Он со злостью посмотрел на бело-золотую фигуру моего Папы, сидящего в портшезе. Когда церемония благословения завершилась, Папа поднял руку и начертил в воздухе крест. Моему брату по-прежнему был не по душе мой теперешний статус. И то, какому старшему брату понравится говорить: «Моя младшая сестра, наложница Папы»? Я считала чудом, что Сандро, пусть с неохотой, вообще принял моё нынешнее положение. Во время выборов Папы и последующих торжеств он упорно клялся отомстить «этому испанскому развратнику», угрожая кастрировать его, обезглавить, а до того подвергнуть его strappado[88]
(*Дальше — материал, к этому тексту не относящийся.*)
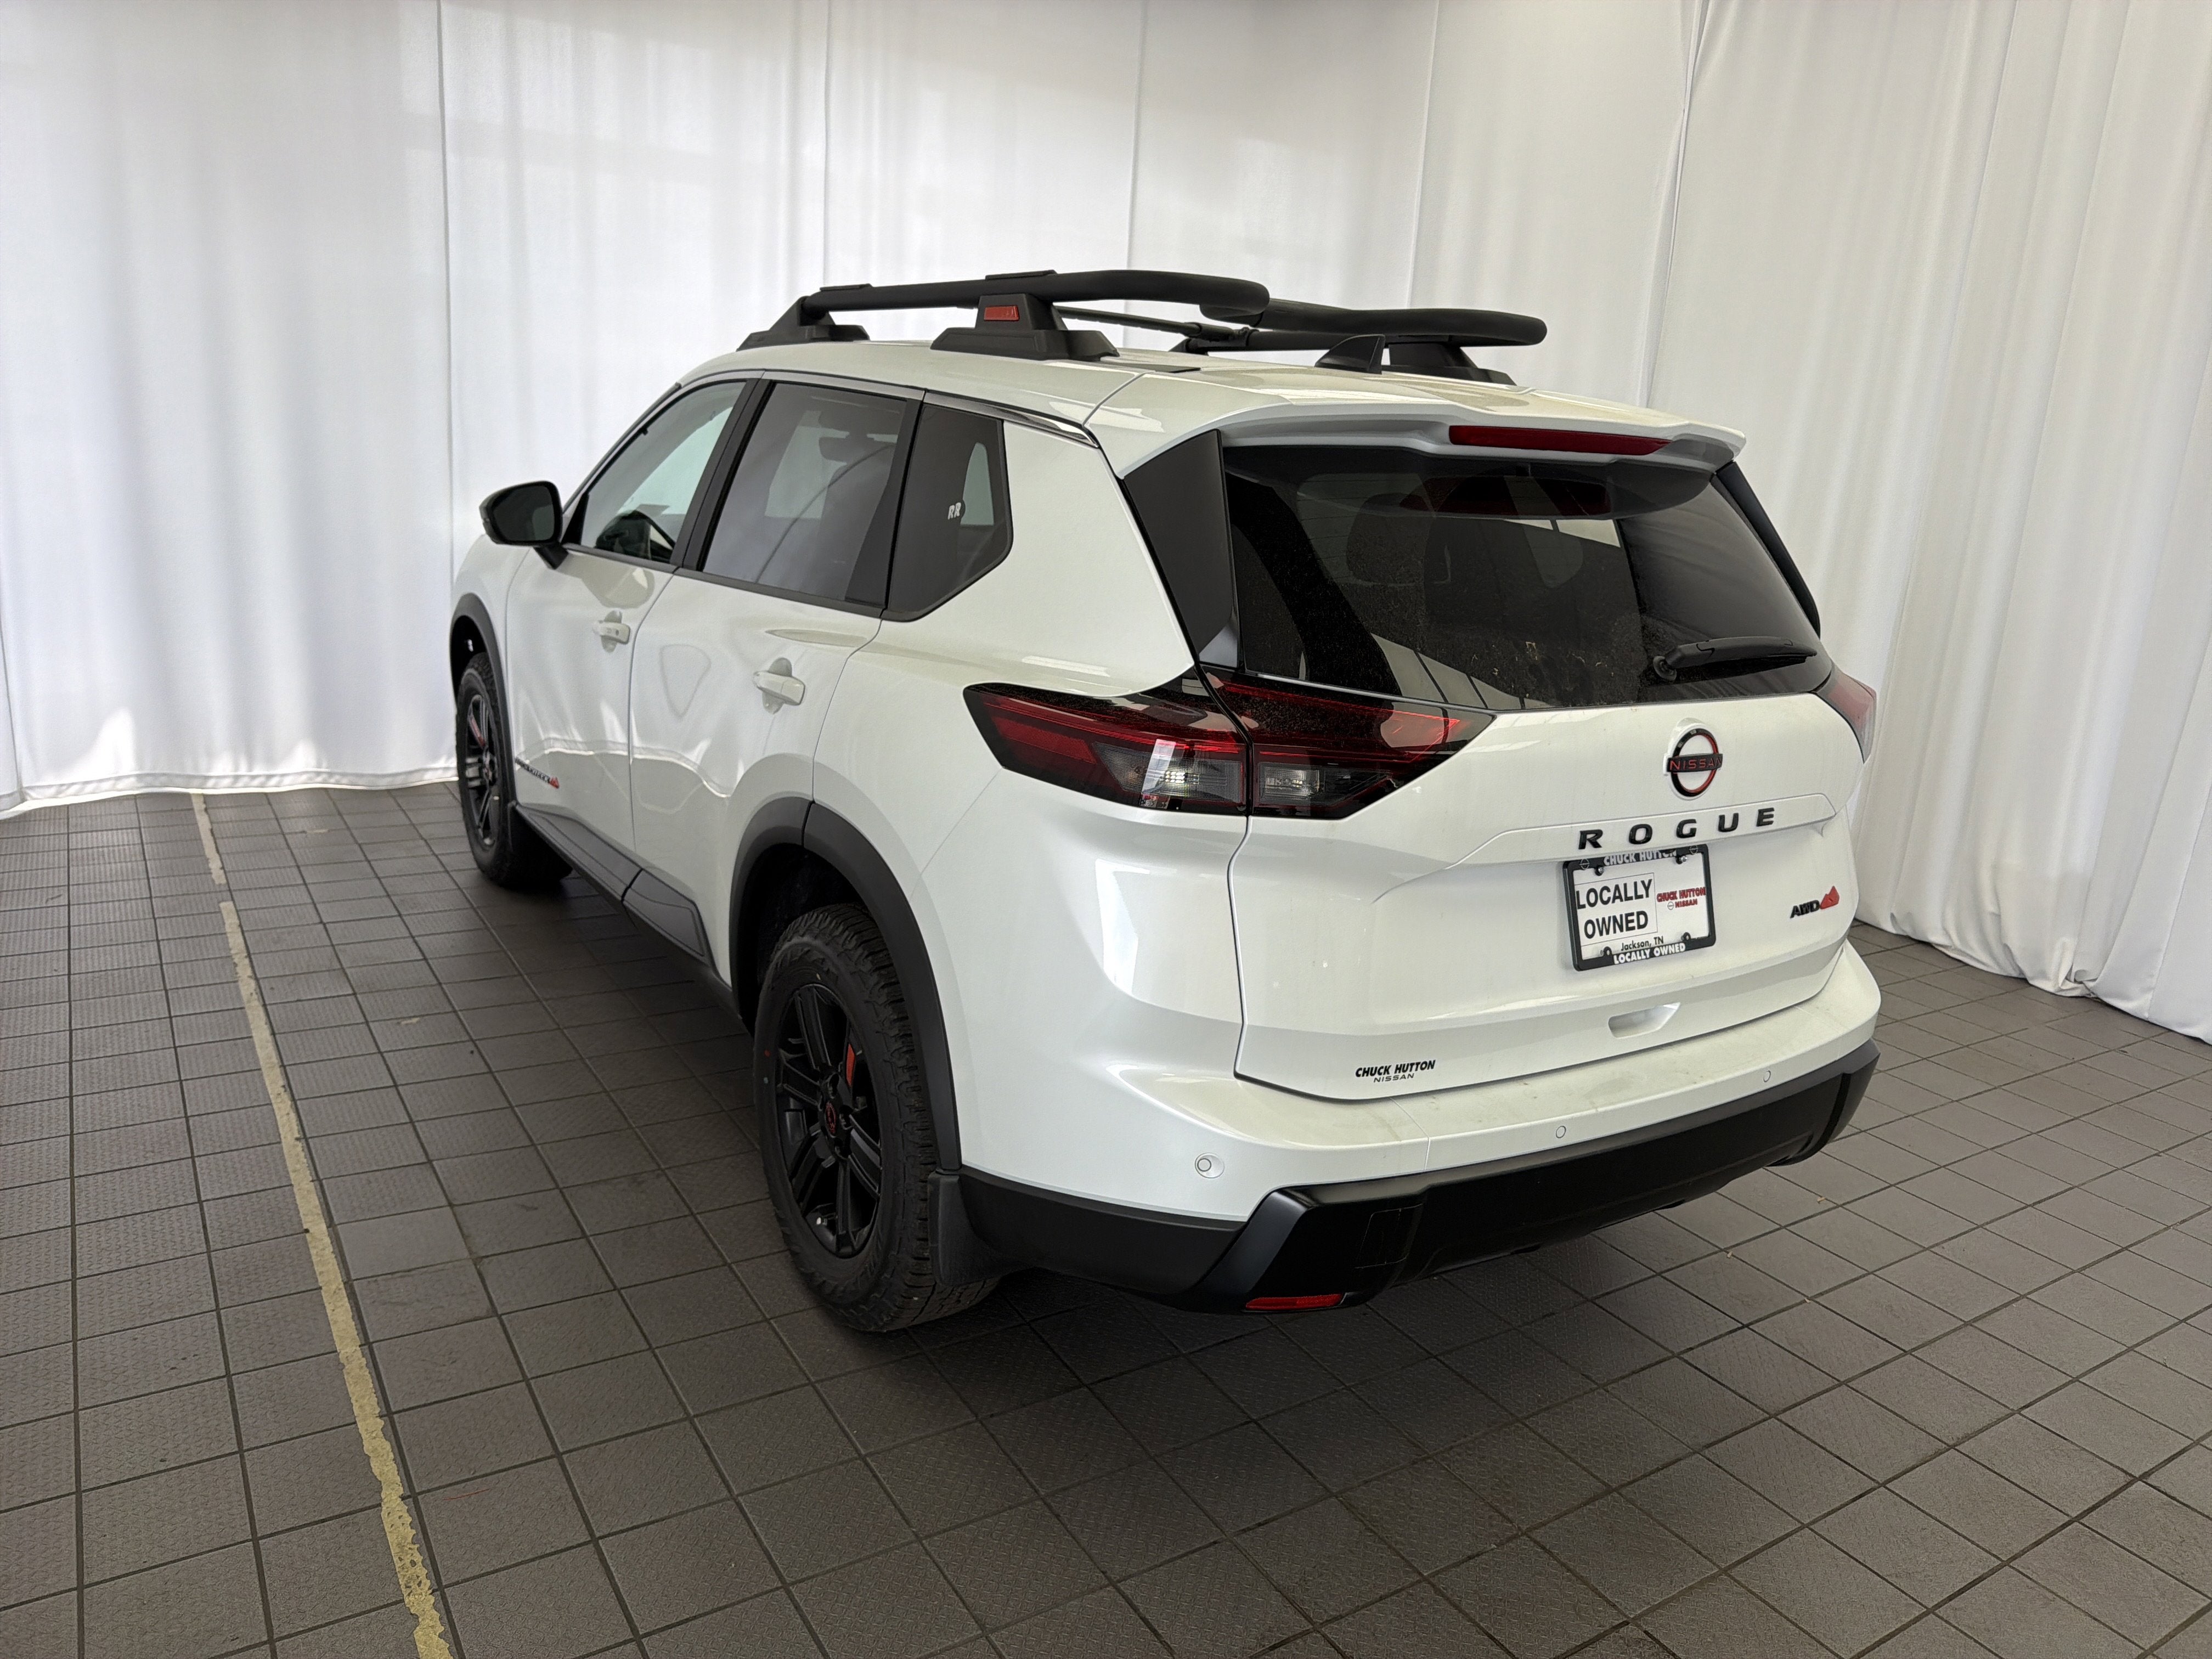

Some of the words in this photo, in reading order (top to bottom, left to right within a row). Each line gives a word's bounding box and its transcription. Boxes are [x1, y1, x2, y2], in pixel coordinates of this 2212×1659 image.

[1669, 758, 1722, 771] NISSAN
[1578, 808, 1775, 850] ROGUE
[1604, 853, 1637, 866] CHUCK
[1576, 879, 1653, 910] LOCALLY
[1656, 891, 1678, 902] CHUCK
[1679, 887, 1707, 899] HUTTON
[1675, 899, 1698, 909] NISSAN
[1790, 899, 1820, 919] AWD
[1584, 910, 1649, 939] OWNED
[1621, 940, 1652, 951] Jackson,
[1654, 936, 1664, 945] TN
[1613, 948, 1651, 965] LOCALLY
[1654, 943, 1686, 957] OWNED
[1355, 1064, 1392, 1077] CHUCK
[1394, 1059, 1436, 1074] HUTTON
[1373, 1073, 1415, 1083] NISSAN
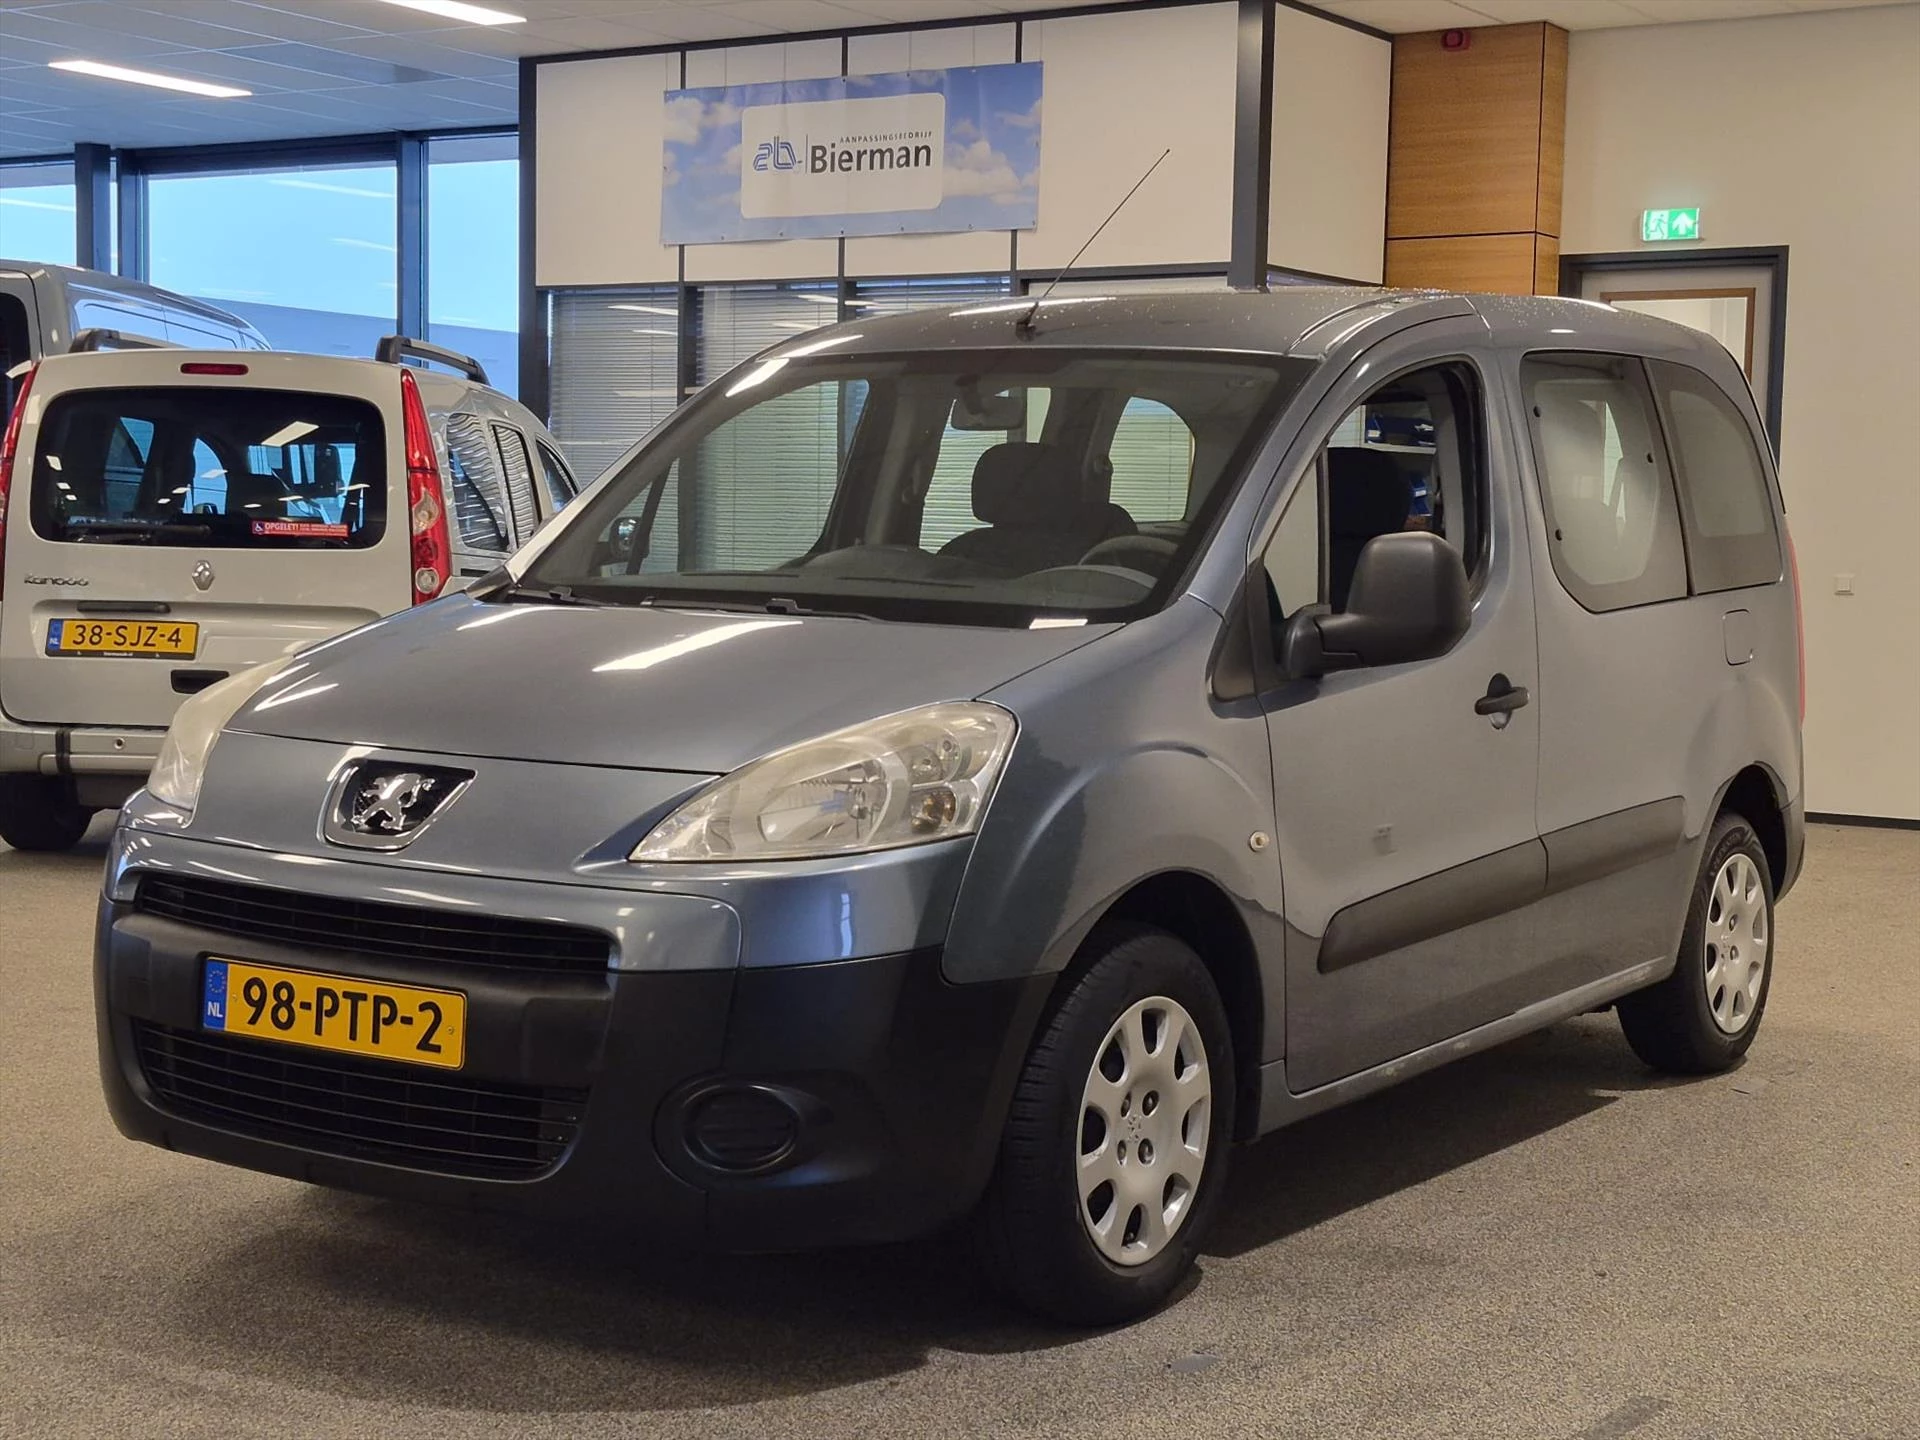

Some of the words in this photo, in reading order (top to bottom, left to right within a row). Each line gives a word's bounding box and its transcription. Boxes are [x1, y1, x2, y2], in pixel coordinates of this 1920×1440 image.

[840, 131, 932, 144] AANPASSINGSBEDRIJF
[810, 143, 931, 173] Bierman
[49, 637, 59, 645] NL
[72, 624, 182, 648] 38-SJZ-4
[207, 1001, 224, 1018] NL
[242, 976, 443, 1054] 98-PTP-2
, несмотря на все мои уверения, что я выбрала своё положение папской любовницы добровольно и была им вполне довольна. Мне пришлось умолять его, чтобы он хотя бы встретился с Родриго, а моему хитрому Папе хватило ума предстать перед моим братом не в своём пышном папском облачении, а в мятой рубашке и камзоле — ни дать ни взять обыкновенный римский купец — и поглаживать мою руку, словно он был любящий муж, и наливать сидящему с застывшим лицом Сандро вино, словно он был просто радушный хозяин. Двое моих самых любимых мужчин впервые ужинали наедине через несколько недель после того, как улёгся ажиотаж, связанный с выборами.— Предоставь это дело мне, — весело сказал Родриго и оставил меня ходить взад и вперёд по комнате, смежной со столовой, кусая ногти и гадая, не станет ли мой любимый брат отныне избегать меня как шлюху. Ох уж эти мужчины! А потом Сандро вышел, уже не красный как рак, а просто озадаченный и немного хмурый и сказал мне:
— Мне всё это не нравится, sorellina. Совсем не нравится. Так что я не понимаю, почему я больше не бешусь. Он такой...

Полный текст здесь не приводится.